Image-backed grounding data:
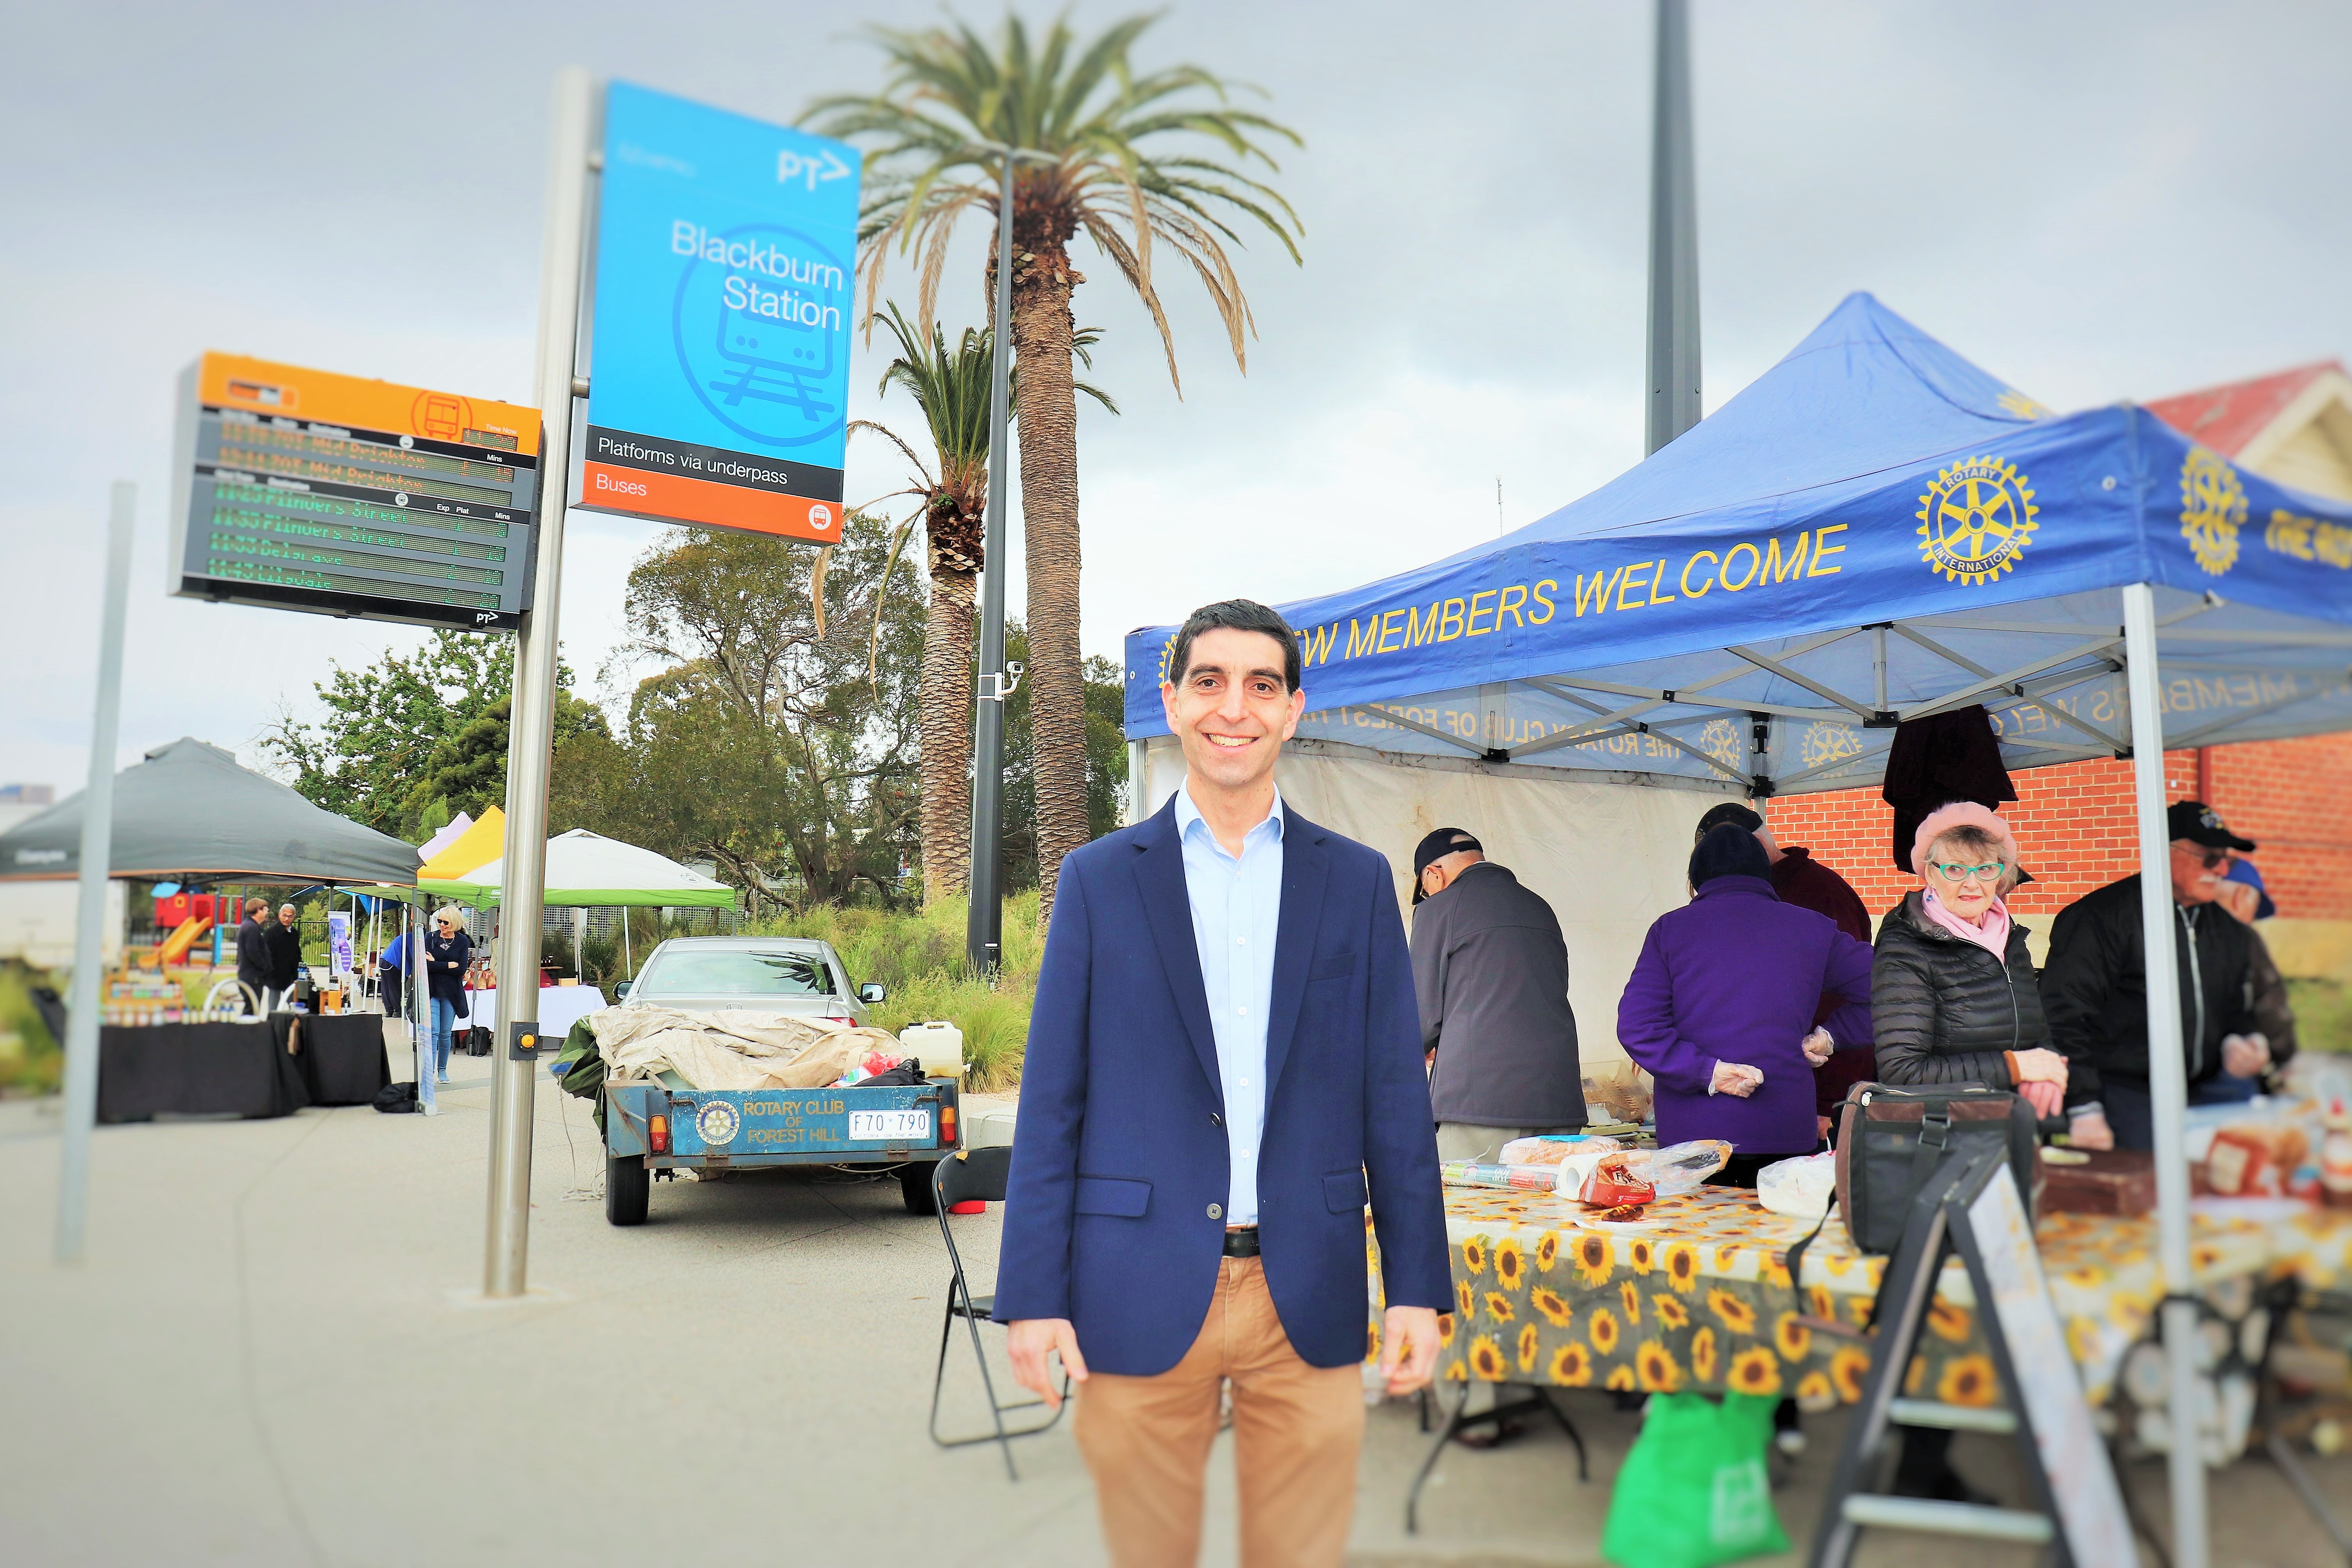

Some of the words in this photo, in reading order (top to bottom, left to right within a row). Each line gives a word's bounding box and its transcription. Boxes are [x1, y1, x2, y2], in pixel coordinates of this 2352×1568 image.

[671, 220, 842, 291] Blackburn
[723, 276, 840, 331] Station
[486, 424, 501, 432] Time
[487, 454, 503, 462] Mins
[598, 437, 675, 465] Platforms
[680, 454, 702, 470] via
[707, 461, 788, 485] underpass
[596, 474, 647, 497] Buses
[1945, 467, 1996, 488] ROTARY
[437, 504, 450, 512] Exp
[1934, 534, 2022, 572] INTERNATIONAL
[1345, 579, 1557, 660] MEMBERS
[1575, 523, 1848, 617] WELCOME
[744, 1101, 802, 1116] ROTARY
[806, 1100, 844, 1114] CLUB
[786, 1116, 802, 1127] OF
[748, 1129, 805, 1143] FOREST
[810, 1128, 840, 1142] HILL

TASK STATEMENT: Every record above should come back exactly, but without its pictures.

WRITTEN SOLUTION:
Some of the words in this photo, in reading order (top to bottom, left to right within a row). Each line gives a word's bounding box and its transcription. Boxes are [x1, y1, x2, y2], in pixel coordinates of this 2352×1568 image.

[671, 220, 842, 291] Blackburn
[723, 276, 840, 331] Station
[486, 424, 501, 432] Time
[487, 454, 503, 462] Mins
[598, 437, 675, 465] Platforms
[680, 454, 702, 470] via
[707, 461, 788, 485] underpass
[596, 474, 647, 497] Buses
[1945, 467, 1996, 488] ROTARY
[437, 504, 450, 512] Exp
[1934, 534, 2022, 572] INTERNATIONAL
[1345, 579, 1557, 660] MEMBERS
[1575, 523, 1848, 617] WELCOME
[744, 1101, 802, 1116] ROTARY
[806, 1100, 844, 1114] CLUB
[786, 1116, 802, 1127] OF
[748, 1129, 805, 1143] FOREST
[810, 1128, 840, 1142] HILL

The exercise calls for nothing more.